## Dataset excerpts
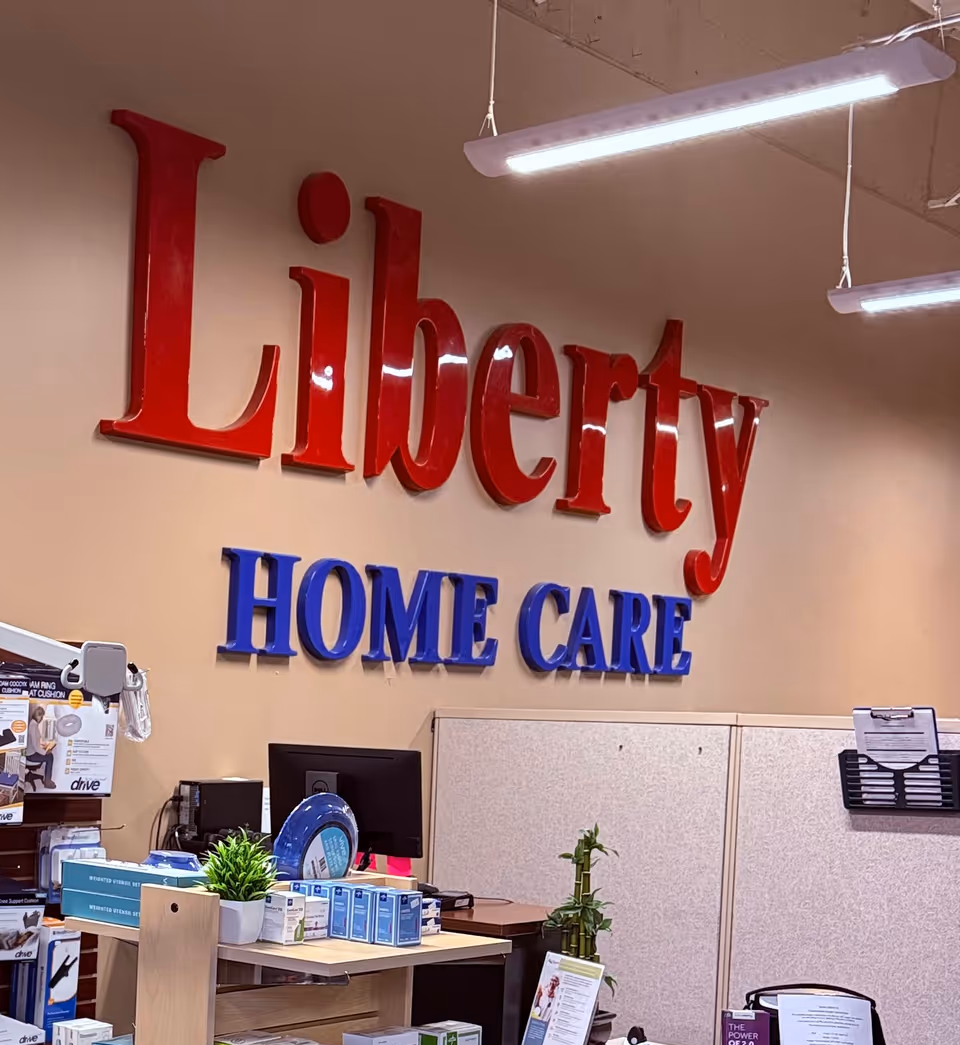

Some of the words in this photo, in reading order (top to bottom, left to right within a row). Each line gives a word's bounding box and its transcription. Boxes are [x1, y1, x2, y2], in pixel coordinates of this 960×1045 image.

[100, 109, 769, 596] Liberty
[217, 546, 499, 668] HOME
[519, 582, 693, 676] CARE
[38, 690, 65, 698] CUSHION
[70, 777, 100, 791] drive
[89, 875, 112, 884] WEIGHTED
[113, 879, 131, 887] UTENSIL
[89, 904, 112, 913] WEIGHTED
[15, 951, 32, 959] drive
[728, 1023, 745, 1031] THE
[19, 1034, 38, 1044] drive
[728, 1032, 759, 1040] POWER
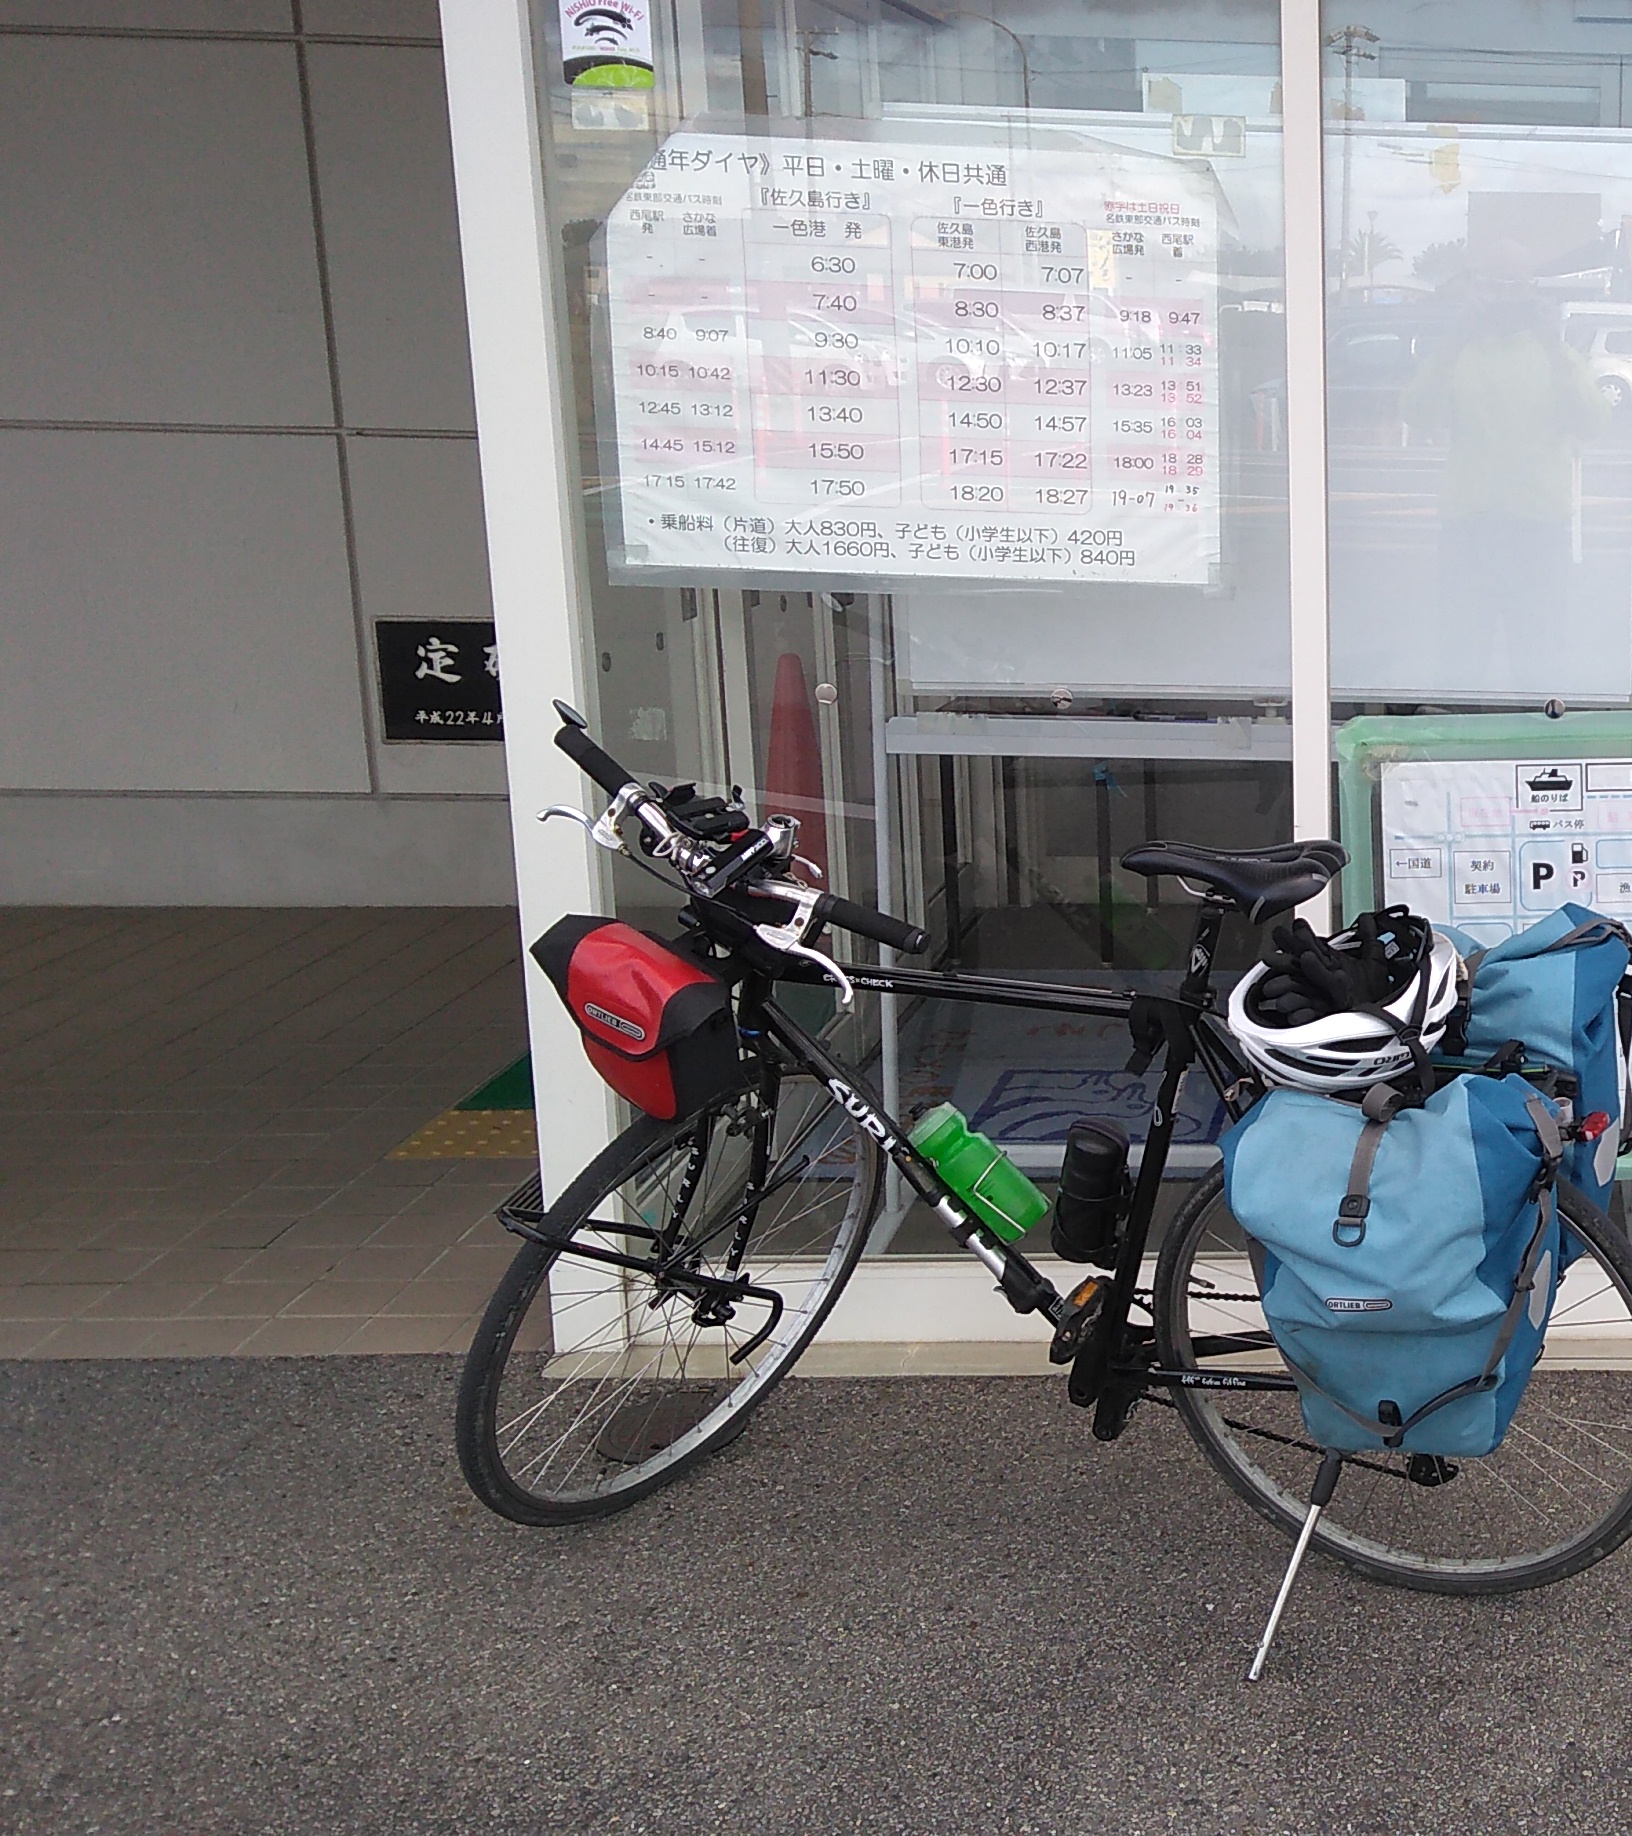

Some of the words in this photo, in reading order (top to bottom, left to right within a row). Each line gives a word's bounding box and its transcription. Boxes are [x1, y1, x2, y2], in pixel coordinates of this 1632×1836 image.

[565, 0, 596, 18] NISHIO
[598, 0, 619, 8] Free
[621, 1, 644, 21] Wi-Fi
[760, 188, 871, 210] 『佐久島行き』
[954, 197, 1043, 218] 『一色行き』
[630, 209, 664, 221] 西尾駅
[683, 212, 716, 223] さかな
[1106, 214, 1200, 227] 名鉄東部交通バス時刻
[642, 223, 653, 233] 発
[773, 219, 826, 238] 一色港
[845, 221, 862, 239] 発
[937, 222, 974, 236] 佐久島
[1025, 226, 1061, 239] 佐久島
[937, 236, 974, 250] 東港発
[1112, 232, 1144, 243] さかな
[1162, 234, 1194, 245] 西尾駅
[1025, 240, 1062, 254] 西港発
[1113, 244, 1144, 256] 広場発
[811, 257, 855, 273] 6:30
[954, 263, 997, 280] 7:00
[1041, 266, 1084, 284] 7:07
[812, 295, 857, 311] 7:40
[955, 301, 998, 318] 8:30
[1043, 304, 1085, 322] 8:37
[1120, 310, 1151, 323] 9:18
[643, 327, 677, 340] 8:40
[696, 329, 728, 342] 9:07
[814, 331, 858, 349] 9:30
[946, 338, 1000, 355] 10:10
[1033, 342, 1086, 359] 10:17
[1113, 347, 1152, 360] 11:05
[637, 364, 679, 377] 10:15
[689, 367, 731, 380] 10:42
[804, 370, 861, 386] 11:30
[947, 375, 1001, 392] 12:30
[1034, 379, 1087, 396] 12:37
[1114, 384, 1153, 396] 13:23
[639, 402, 681, 414] 12:45
[691, 404, 733, 417] 13:12
[807, 406, 863, 423] 13:40
[949, 412, 1002, 429] 14:50
[1034, 415, 1087, 433] 14:57
[1113, 421, 1153, 433] 15:35
[808, 443, 864, 459] 15:50
[950, 448, 1003, 466] 17:15
[1034, 452, 1088, 469] 17:22
[1114, 457, 1154, 469] 18:00
[810, 480, 865, 496] 17:50
[950, 484, 1004, 502] 18:20
[1035, 488, 1088, 506] 18:27
[1531, 793, 1569, 804] 船のりば
[1553, 819, 1585, 830] バス停
[1407, 858, 1432, 870] 国道
[1470, 860, 1495, 872] 契約
[1532, 863, 1554, 890] P
[1465, 883, 1501, 895] 駐車場
[587, 1006, 617, 1027] ORTLIEB
[1327, 1301, 1361, 1309] ORTLIEB
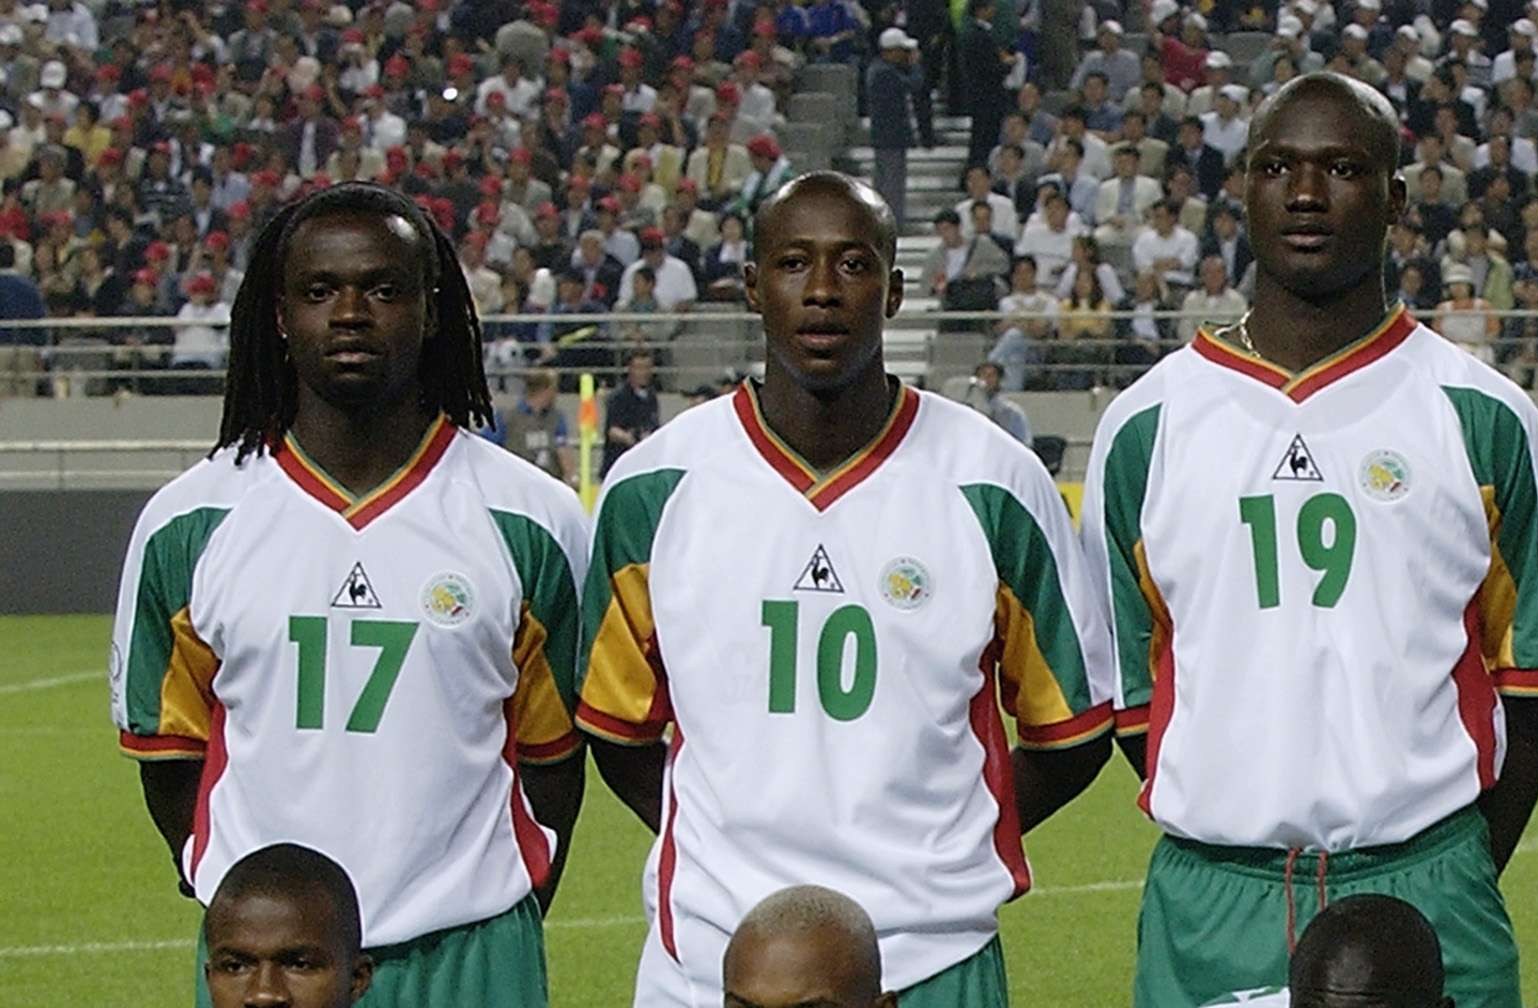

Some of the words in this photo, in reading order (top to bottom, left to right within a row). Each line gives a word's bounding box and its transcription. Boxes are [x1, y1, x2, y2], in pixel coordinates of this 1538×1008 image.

[1240, 493, 1356, 608] 19
[288, 616, 420, 733] 17
[762, 601, 877, 721] 10

## What to work on
Print nothing but the lines from the one that contains "this 1538×1008 image." to the final line of the data, both included, exactly as they read.

## Reply
Some of the words in this photo, in reading order (top to bottom, left to right within a row). Each line gives a word's bounding box and its transcription. Boxes are [x1, y1, x2, y2], in pixel coordinates of this 1538×1008 image.

[1240, 493, 1356, 608] 19
[288, 616, 420, 733] 17
[762, 601, 877, 721] 10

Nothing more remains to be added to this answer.